Андрей поднял на Машу полные боли глаза и прошептал:
– Прости меня, Машенька… если сможешь… прости…
Он опустился на пол на колени, обнял ее ноги, прижался к ним щекой и уже громче сказал:
– Я негодяй, Маша. Я не хочу с себя снимать ответственность, но все же… Понимаешь, я никак не могу понять, как такое могло получиться! Знаешь, мне кажется, что эти отморозки подлили мне что-то в коньяк или в банку с пивом… Да и последняя сигарета была такая странная… В общем, я гад, что расхвастался своими отношениями с тобой, хотя ничего такого, о чем они подумали, у нас и не было… Но я ведь и так… без всего этого… люблю тебя, Машенька… Прости…

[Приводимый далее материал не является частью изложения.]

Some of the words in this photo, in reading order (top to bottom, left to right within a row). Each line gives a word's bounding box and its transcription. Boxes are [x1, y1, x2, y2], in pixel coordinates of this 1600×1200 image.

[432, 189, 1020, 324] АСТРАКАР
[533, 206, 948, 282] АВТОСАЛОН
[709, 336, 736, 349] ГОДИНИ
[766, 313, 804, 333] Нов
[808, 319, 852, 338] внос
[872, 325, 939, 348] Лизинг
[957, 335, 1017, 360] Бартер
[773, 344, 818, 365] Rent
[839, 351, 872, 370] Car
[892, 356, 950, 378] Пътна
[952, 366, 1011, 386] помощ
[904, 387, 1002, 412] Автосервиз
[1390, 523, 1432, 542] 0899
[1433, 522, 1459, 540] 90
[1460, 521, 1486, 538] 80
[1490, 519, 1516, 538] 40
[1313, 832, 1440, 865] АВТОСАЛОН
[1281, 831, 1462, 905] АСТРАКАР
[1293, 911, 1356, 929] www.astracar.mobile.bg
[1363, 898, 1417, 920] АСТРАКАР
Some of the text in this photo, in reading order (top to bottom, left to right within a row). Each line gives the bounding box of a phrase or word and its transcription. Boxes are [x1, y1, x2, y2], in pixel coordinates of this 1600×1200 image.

И, конечно же, девушка не выдержала. По ее щекам побежали слезы. Не вытирая их, всхлипывая и шмыгая носом, она подняла своего проштрафившегося Ромео с колен и потащила в ванную. Там она заставила его снять окровавленную куртку и футболку, на которую тоже попала ядовитая кровь врага. Андрей умылся. Маша подала ему полотенце и, уже улыбаясь, смотрела, как он вытирается. Ее влажные глаза говорили Андрею, что она его простила, что не простить не может, даже если бы захотела.
Андрей отбросил полотенце. Молодые люди обнялись и долго целовались, забыв про пистолет. Потом Маша счастливо улыбнулась и сказала:
– Я тоже люблю тебя, Андрюшка, – наконец сказала она, – несмотря ни на что… Ты – моя судьба…

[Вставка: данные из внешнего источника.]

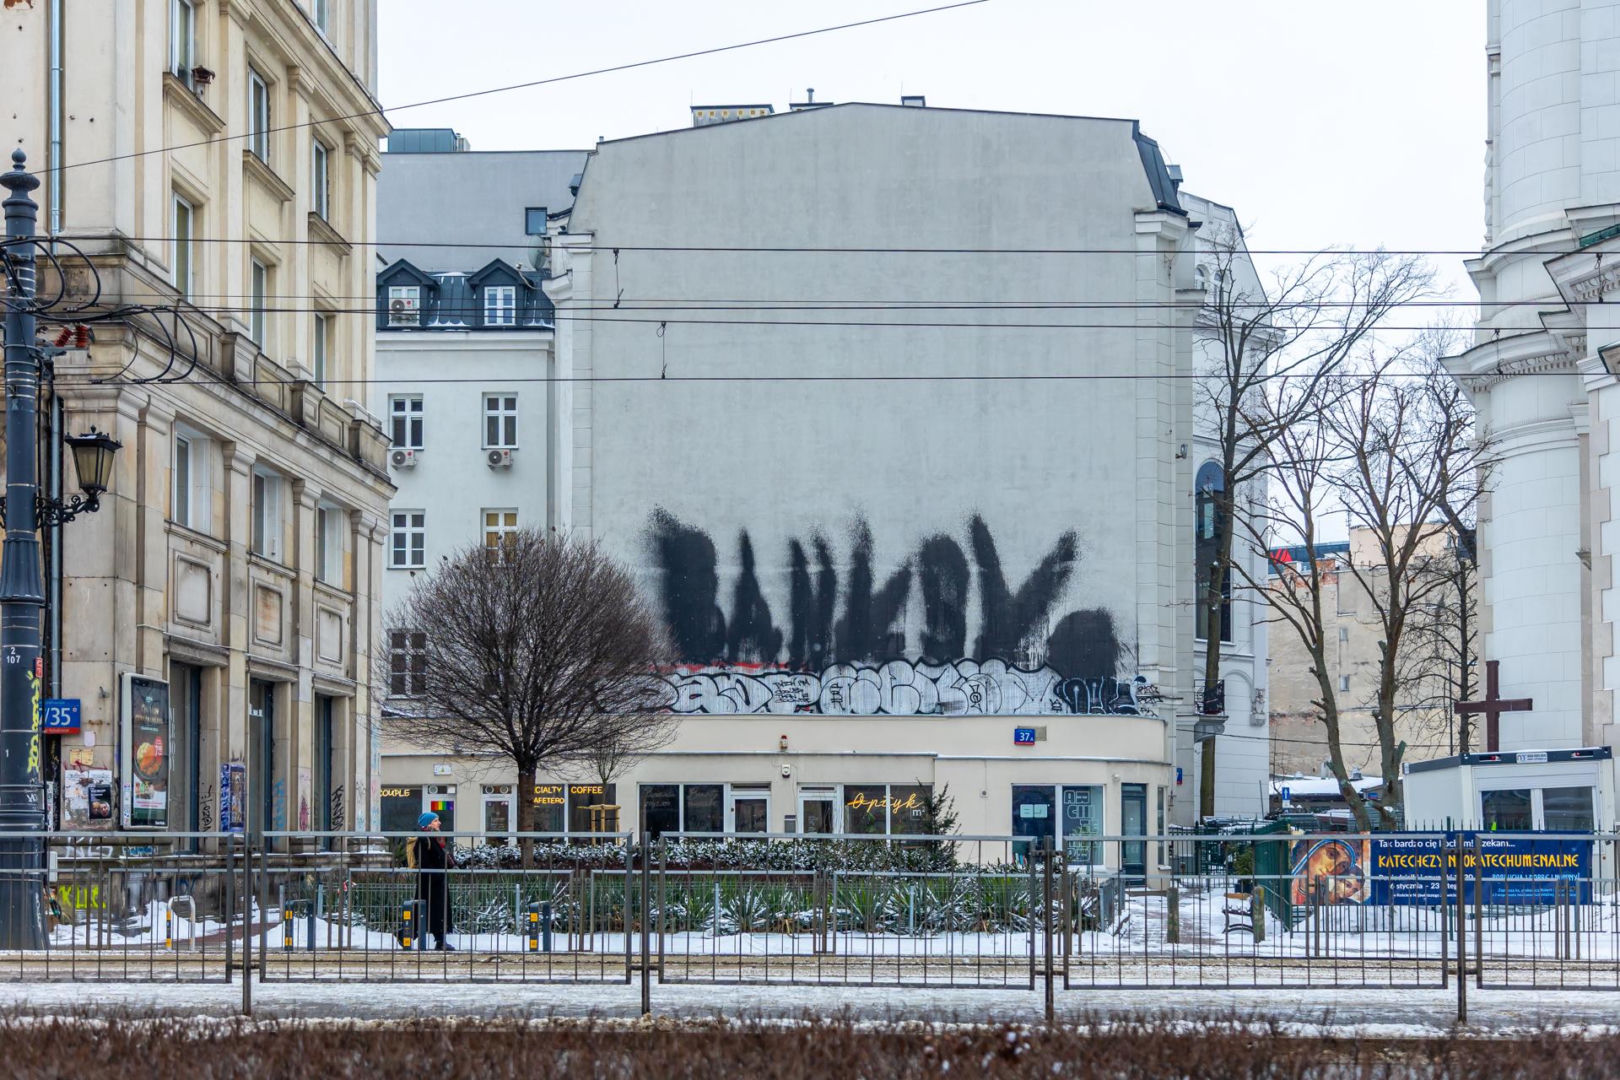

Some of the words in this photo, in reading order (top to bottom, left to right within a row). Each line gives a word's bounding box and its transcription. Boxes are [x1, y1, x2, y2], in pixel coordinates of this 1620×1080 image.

[11, 647, 16, 655] 2
[7, 655, 20, 664] 107
[534, 786, 562, 794] CIALTY
[571, 786, 603, 794] COFFEE
[848, 792, 924, 814] Optyk
[1378, 854, 1442, 868] KATECHEZY
[1430, 882, 1440, 890] 23
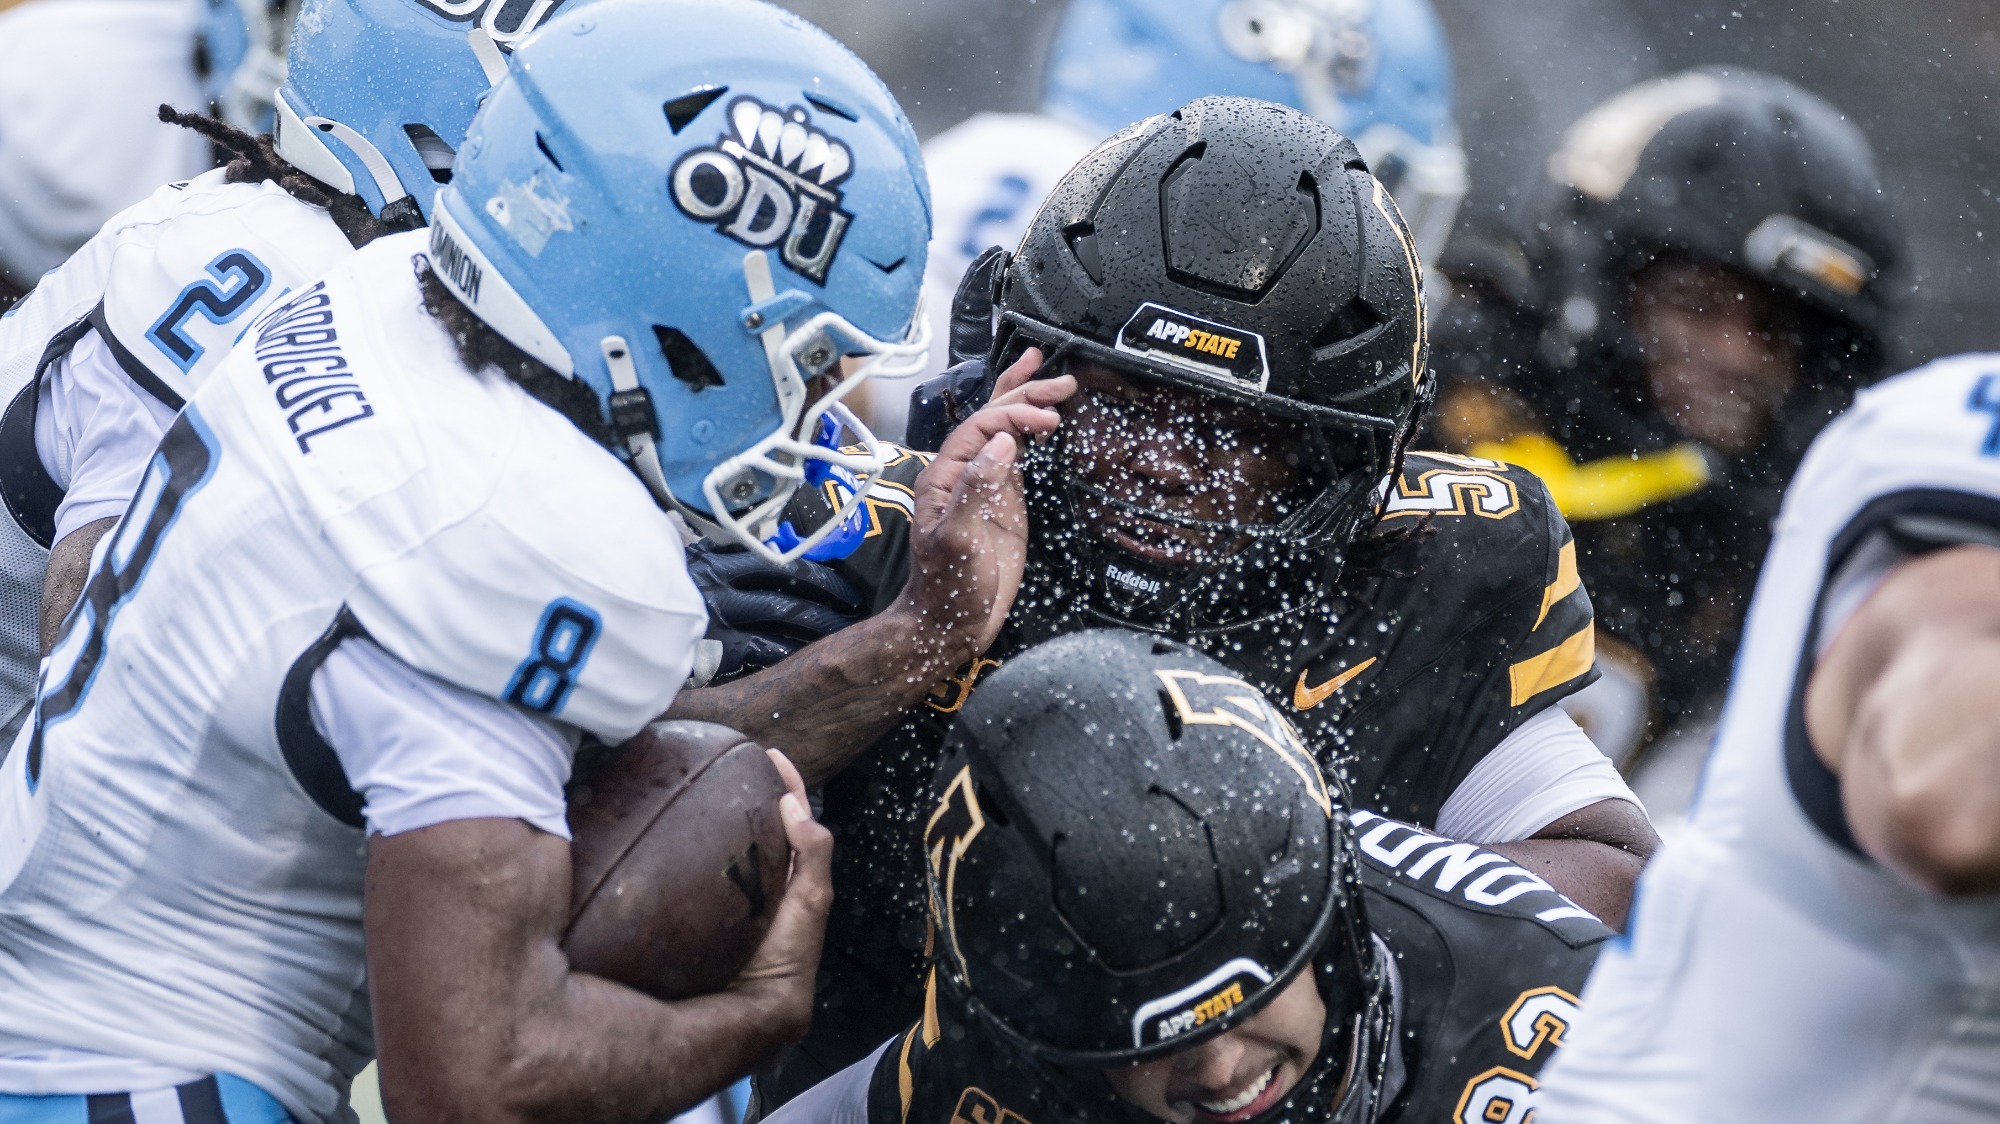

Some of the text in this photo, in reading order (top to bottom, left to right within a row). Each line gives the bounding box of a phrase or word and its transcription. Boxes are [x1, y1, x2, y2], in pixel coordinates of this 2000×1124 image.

– Маш… Неужели меня можно… такого… любить? – спросил Андрей, и лицо его сделалось беспомощным перед огромностью ее чувства к нему.
– Я люблю тебя всякого, – тихо и проникновенно ответила девушка.
– Ты уверена, Маша?
– Я это знала всю жизнь. Еще когда мы были маленькими…

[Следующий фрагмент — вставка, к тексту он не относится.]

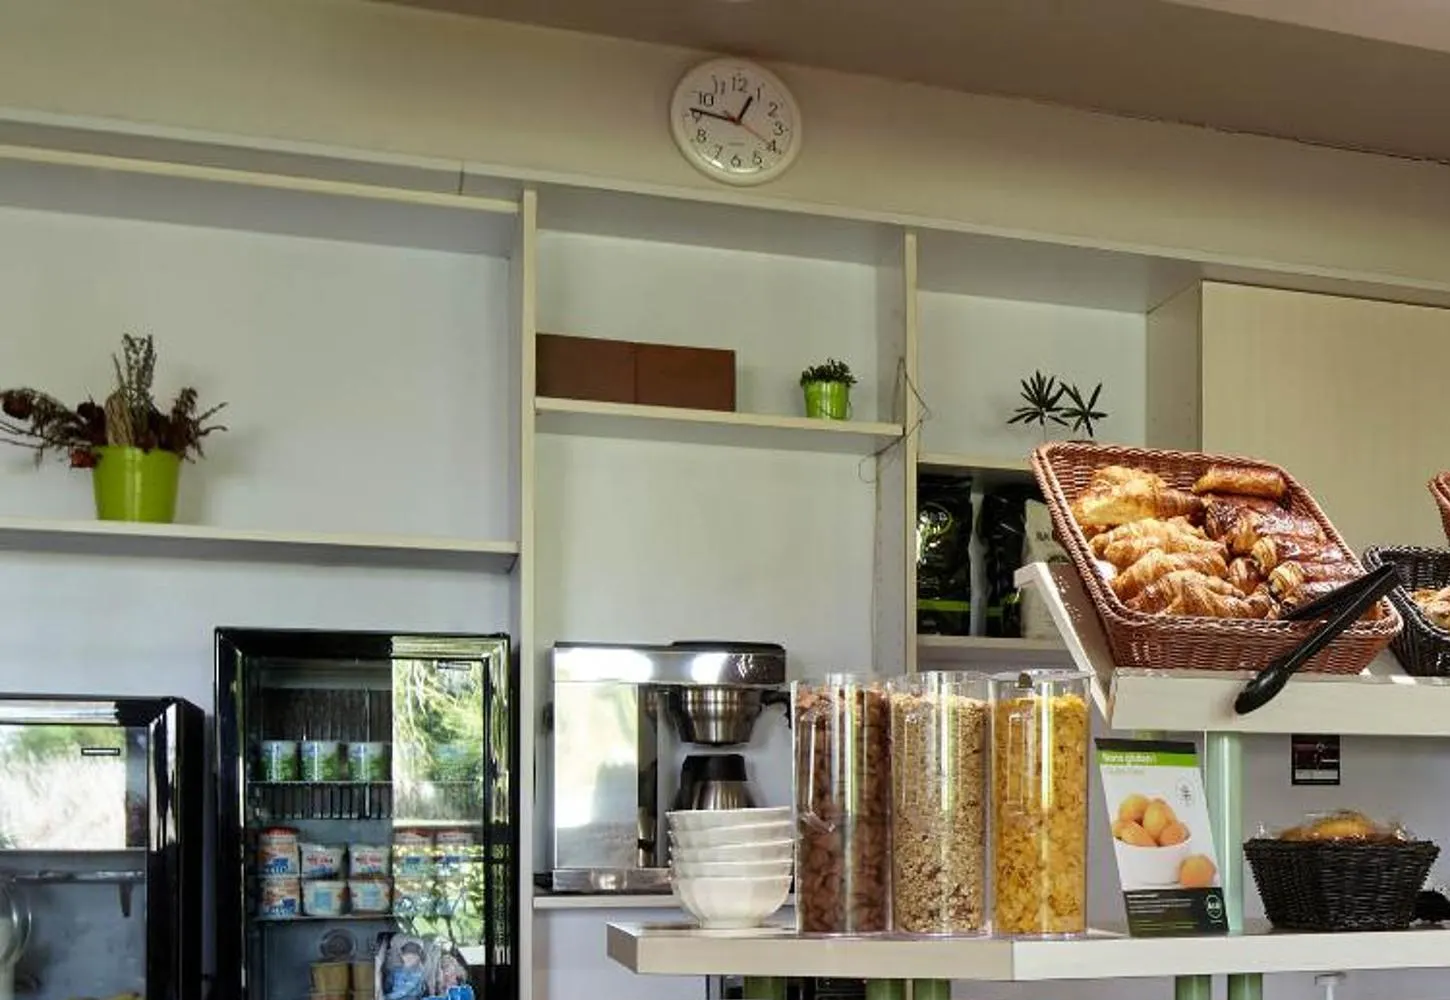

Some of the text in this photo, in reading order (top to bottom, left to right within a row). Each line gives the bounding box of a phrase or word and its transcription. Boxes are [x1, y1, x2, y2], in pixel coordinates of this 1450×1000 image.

[731, 76, 748, 93] 12
[699, 91, 714, 107] 10
[768, 102, 778, 117] 2
[696, 128, 707, 143] 8
[773, 122, 783, 136] 3
[730, 154, 741, 168] 6

– Теперь мы не маленькие… к сожалению…
– И вовсе не к сожалению. Мы уже взрослые, Андрей. Скоро выпускной, а потом… потом нам исполнится по восемнадцать лет.
– Разве что-то изменится? – усмехнулся молодой человек.
Машины и без того большие глаза сделались огромными. Она взяла его за руку и повела из ванной в свою комнату. Там, опять обернувшись к нему лицом, улыбнулась как-то по-новому для Андрея и сказала:
– Конечно! Изменится все. Я выйду за тебя замуж.
– Замуж… – недоверчиво повторил он.
– Ну да! А ты разве не хочешь этого? – Маша еще раз улыбнулась той новой улыбкой, потому что была уверена в ответе: он не может этого не хотеть. И Ромео не разочаровал свою Джульетту.
– Я… я… хочу… Конечно же, я хочу! – проговорил Андрей, притянул девушку к себе и начал целовать любимое лицо – лоб, глаза, щеки, подбородок, шею.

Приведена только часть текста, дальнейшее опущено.